The Blowfish one already has that feature.
A long time ago (like FreeBSD 6.something, maybe earlier) I changed all
my /etc/login.conf files to set "passwd_format=blf" and all my password
hashes are in the format "$2a$04$salthash" -- with the "04" being the
(default) number of rounds of Blowfish to run.
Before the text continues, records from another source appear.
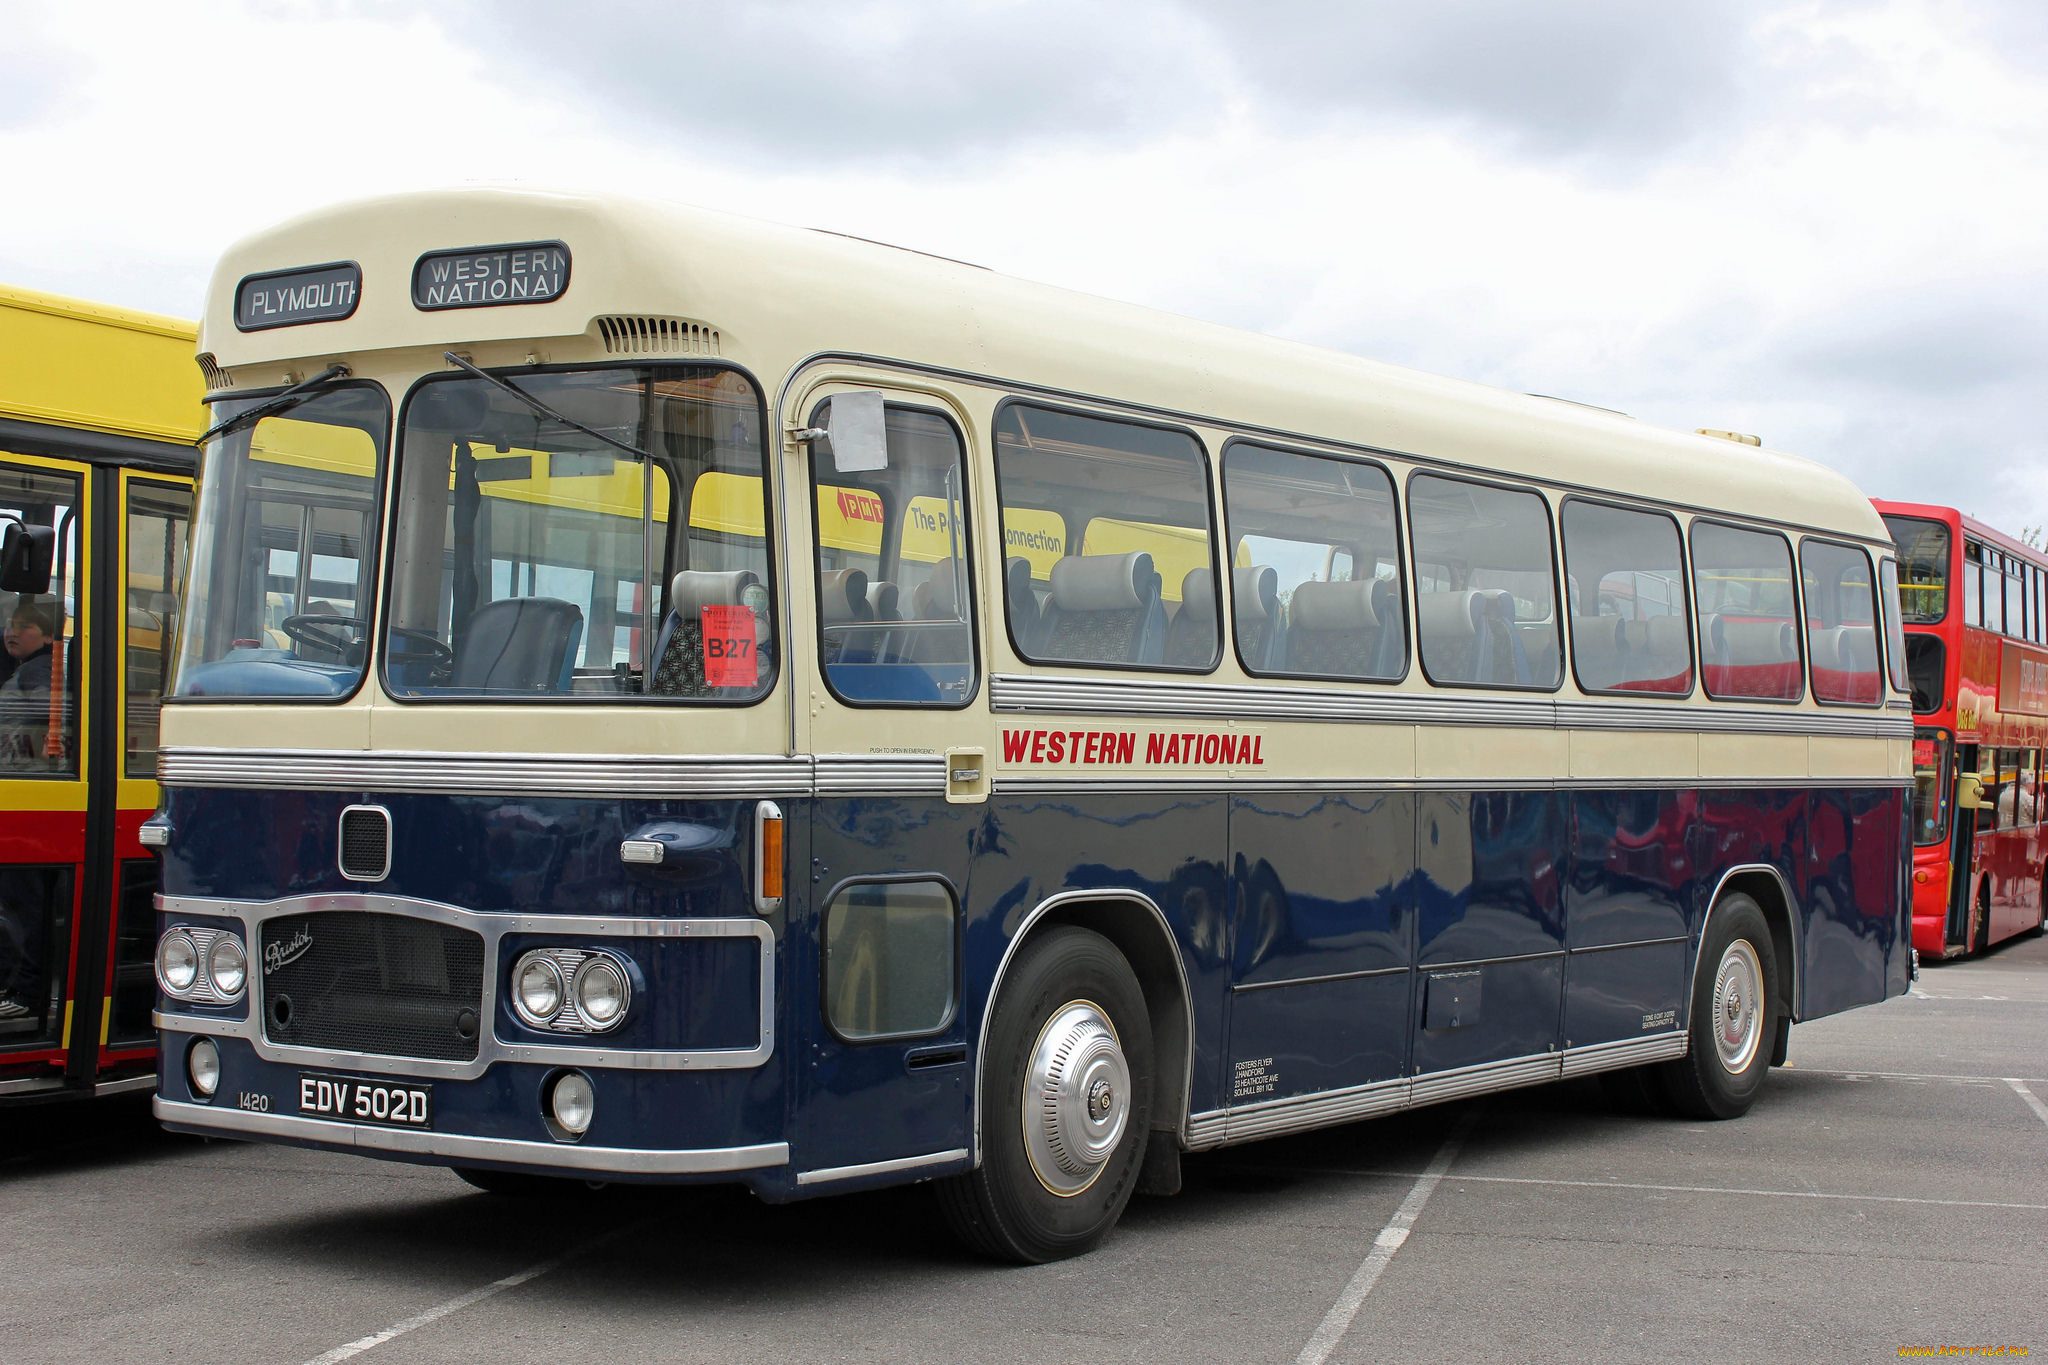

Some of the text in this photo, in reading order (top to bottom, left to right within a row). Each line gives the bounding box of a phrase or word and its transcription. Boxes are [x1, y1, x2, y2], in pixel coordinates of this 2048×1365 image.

[430, 251, 565, 283] WESTERN
[848, 498, 884, 520] PMT
[911, 507, 936, 532] The
[1005, 528, 1062, 553] onnection
[708, 638, 751, 659] B27
[908, 747, 936, 755] EMERGENCY
[1002, 729, 1265, 765] WESTERN NATIONAL
[264, 922, 313, 975] Bristol
[1235, 1058, 1273, 1070] FOSTERS FLYER
[1234, 1086, 1256, 1097] SOLIHULL
[1240, 1075, 1269, 1088] HEATHCOTE
[1269, 1074, 1279, 1082] AVE
[239, 1091, 268, 1112] 1420
[301, 1078, 427, 1123] EDV 502D
I have some users where
it's set to 11 rounds, and as you'd expect, it puts a pretty big hurt on
the ability of things like John The Ripper to attack the hashes.
Just making sure we aren't suggesting reinventing a wheel here :)
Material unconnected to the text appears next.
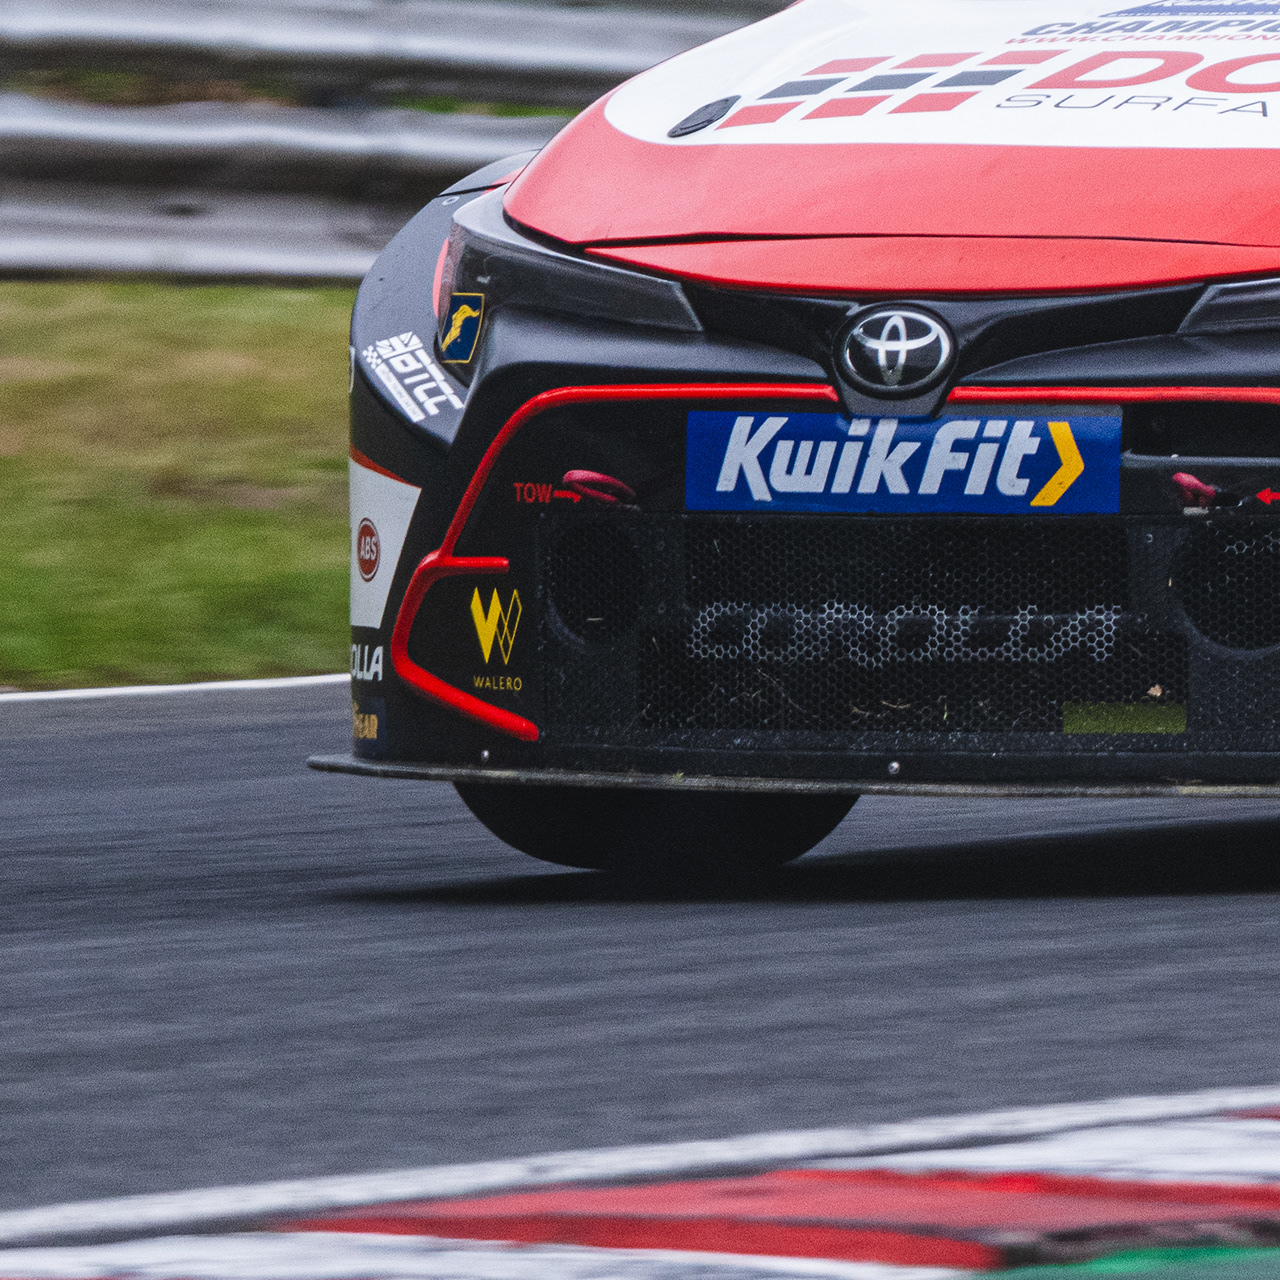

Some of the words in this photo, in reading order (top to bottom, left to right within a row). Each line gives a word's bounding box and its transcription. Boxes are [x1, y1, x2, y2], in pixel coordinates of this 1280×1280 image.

[513, 482, 552, 504] TOW
[360, 535, 377, 561] ABS
[473, 675, 523, 691] WALERO
Even 4 rounds of Blowfish is far slower than 1000 rounds of MD5, and
1000 rounds of MD5 is far slower than DES. And yeah, fear of MD5
collisions is totally irrelevant here.
If you're really that worried about MD5 anyway, just change
"passwd_format=md5" to "passwd_format=blf" in your login.conf's default
section and be happy :)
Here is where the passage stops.